Opinion: Blindness for the Blind or for Those Who Don’t Want to See? Volume 51- Issue 5

Rômulo Piloni Parreira1,2*, Laís Lauria Neves1, Heitor Tomé Rezende3 and Anna Carolina Ribeiro Melo Piloni-Parreira2

  • 1Centro de Referência em Oftalmologia, Hospital de Olhos da Universidade Federal de Goiás, Brazil
  • 2Saúde Futuro – Pediatria e Oftalmologia, Anápolis, Brazil
  • 3Hospital Oftalmológico de Brasília, Brasília, Brazil

Received: July 13, 2023;   Published: July 28, 2023

*Corresponding author: Rômulo Piloni Parreira, Centro de Referência em Oftalmologia, Hospital de Olhos da Universidade Federal de Goiás, Goiânia, GO, Brazil

DOI: 10.26717/BJSTR.2023.51.008170

Abstract PDF


Abbrevations: SAH: Systemic Arterial Hypertension; HR: Hypertensive Retinopathy; PDR: Proliferative Diabetic Retinopathy; ME: Macular Edema; MA: Microaneurysms; IMA: Intraretinal Microvascular Abnormalities; NVZ: Neovascularization; VH: Vitreous Hemorrhages; VA: Visual Acuity;BP: Blood Pressure; T2D: Type 2 Diabetes


The concept of blindness and its different meanings are part of human history. In a historical context, it is marked by a feeling of rejection, prejudice, and intolerance. The historical bases ranging from the Code of Manu, drawn up in 200 a. C., making inheritance impossible for the blind, to the mystical period of the Middle Ages, where it was considered a disgrace, to the current one, which is based on the dichotomous binomial of science and ignorance, reformulating itself as the “age of inclusion” from the 1990s. Is the blind really those who cannot see or those who do not want to see? The demographic, dietary, epidemiological, and even social transitions that took place throughout the 20th century, modified the population profile, both in developed and in developing countries. Changes in population profiles promoted sine qua non conditions for the establishment of chronic diseases such as diabetes and systemic arterial hypertension (SAH), mainly due to their increased prevalence. His investigations and detailed studies, robust and with consistent methodologies, estimated that in 2007, there would be 180 million diabetics worldwide and that they would increase to 380 million by 2025, because of longevity, obesity, population growth and sedentary lifestyle, conditions that started in the previous century and have an important current impact. The same occurs with cardiovascular diseases, which have already become the greatest cause of morbidity and mortality worldwide [1].

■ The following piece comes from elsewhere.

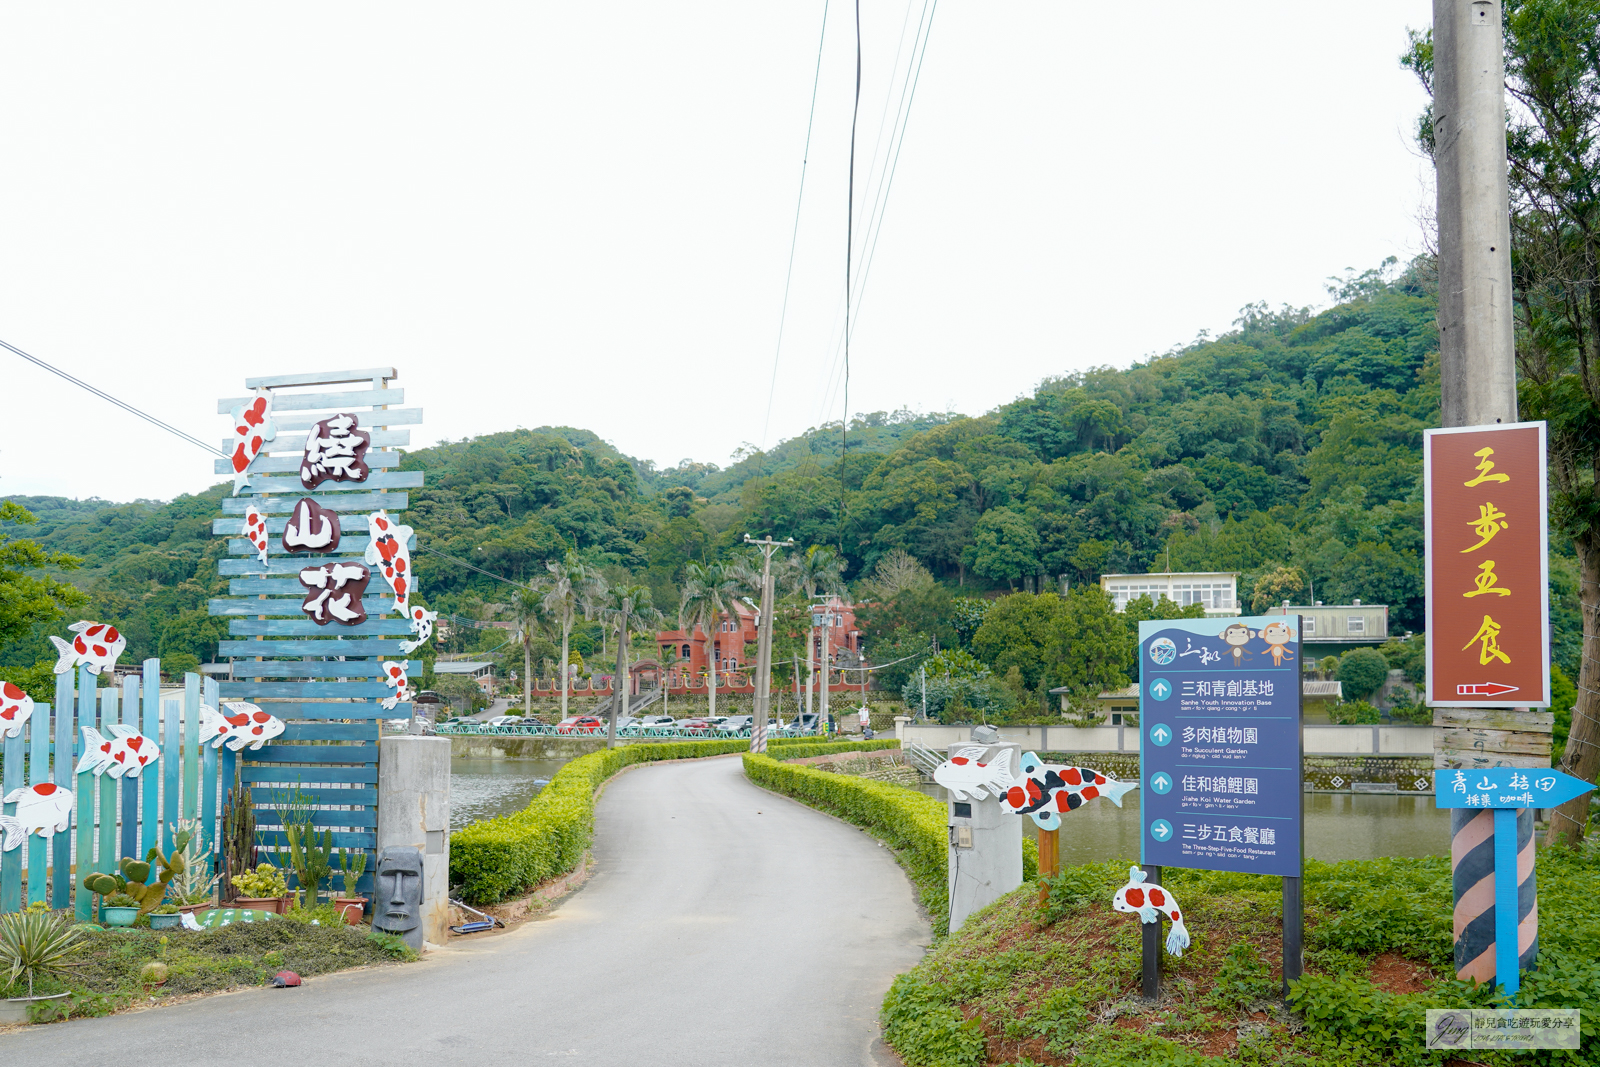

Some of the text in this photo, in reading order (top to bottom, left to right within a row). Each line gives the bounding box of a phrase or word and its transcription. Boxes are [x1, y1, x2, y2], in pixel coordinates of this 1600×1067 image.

The magnitude of the problem and its prevalence in the world population, associated with high morbidity and mortality, make them important in public health guidelines. The main morbidity agenda for the area of ophthalmology in both is based on the prevention of blindness caused mainly by retinopathies, whether diabetic or hypertensive and referring to their complications. When the main cause of blindness among socially active individuals is evidenced, diabetic retinopathy (DR) continues as the main cause, while hypertensive retinopathy (HR), in addition to promoting visual disturbances, also signals the existence of other systemic diseases and their consequences of importance in public health. Several countries have developed screening programs, producing important evidence on efficiency, cost, and impact on population health data. Although there is no international consensus on screening programs for diabetes and SAH, the guidelines recommend selective screening, that is, screening individuals with potential risk factors, associated with primary prevention strategies and population education, to reduce their socioeconomic impacts. Even with this scenario and with a progressive volume of research, there is a perspective of stagnant blindness prevalence, since the number of patients correctly monitored and/or guided is far below the desired [2].

Diabetic Retinopathy

The presence of DR, even in the mildest forms, is associated with a 2- to 3-fold increased risk of stroke, ischemic heart disease, and heart failure. Its severe form does not usually start before the first five years of diagnosis in insulin-dependent types, suggesting that after ten years, 70-90% of these patients will present the disease, unlike the non-dependent, which approximately 67% of them will be affected after the same period. The risk of visual loss increases due to the appearance of complications, in proliferative diabetic retinopathy (PDR) after 2 years it is 3.2% and in the presence of macular edema (ME), 30-50%. Thus, they are clinically classified into two distinct stages: non-proliferative diabetic retinopathy and PDR, based mainly on occlusive, exudative findings or related to events triggered by them. The picture begins with the appearance of microaneurysms (MA), passing through microhemorrhages (MH), hard and cotton-wool exudates and venular dilation, in addition to intraretinal microvascular abnormalities (IMA) and continuing with large areas of capillary non-perfusion. MA result from thickening of the capillary basement membrane and loss of pericytes. Their evolution, due to the rupture, form MH, which, due to their format, allow us to assume their location in the retina, insofar as, when they are rounded or oval, they are found deeper, in the inner nuclear layers and/or external plexiform, on the other hand, when they present with a fusiform or “candle flame” pattern, they are found in the layer of nerve fibers, following their paths [3].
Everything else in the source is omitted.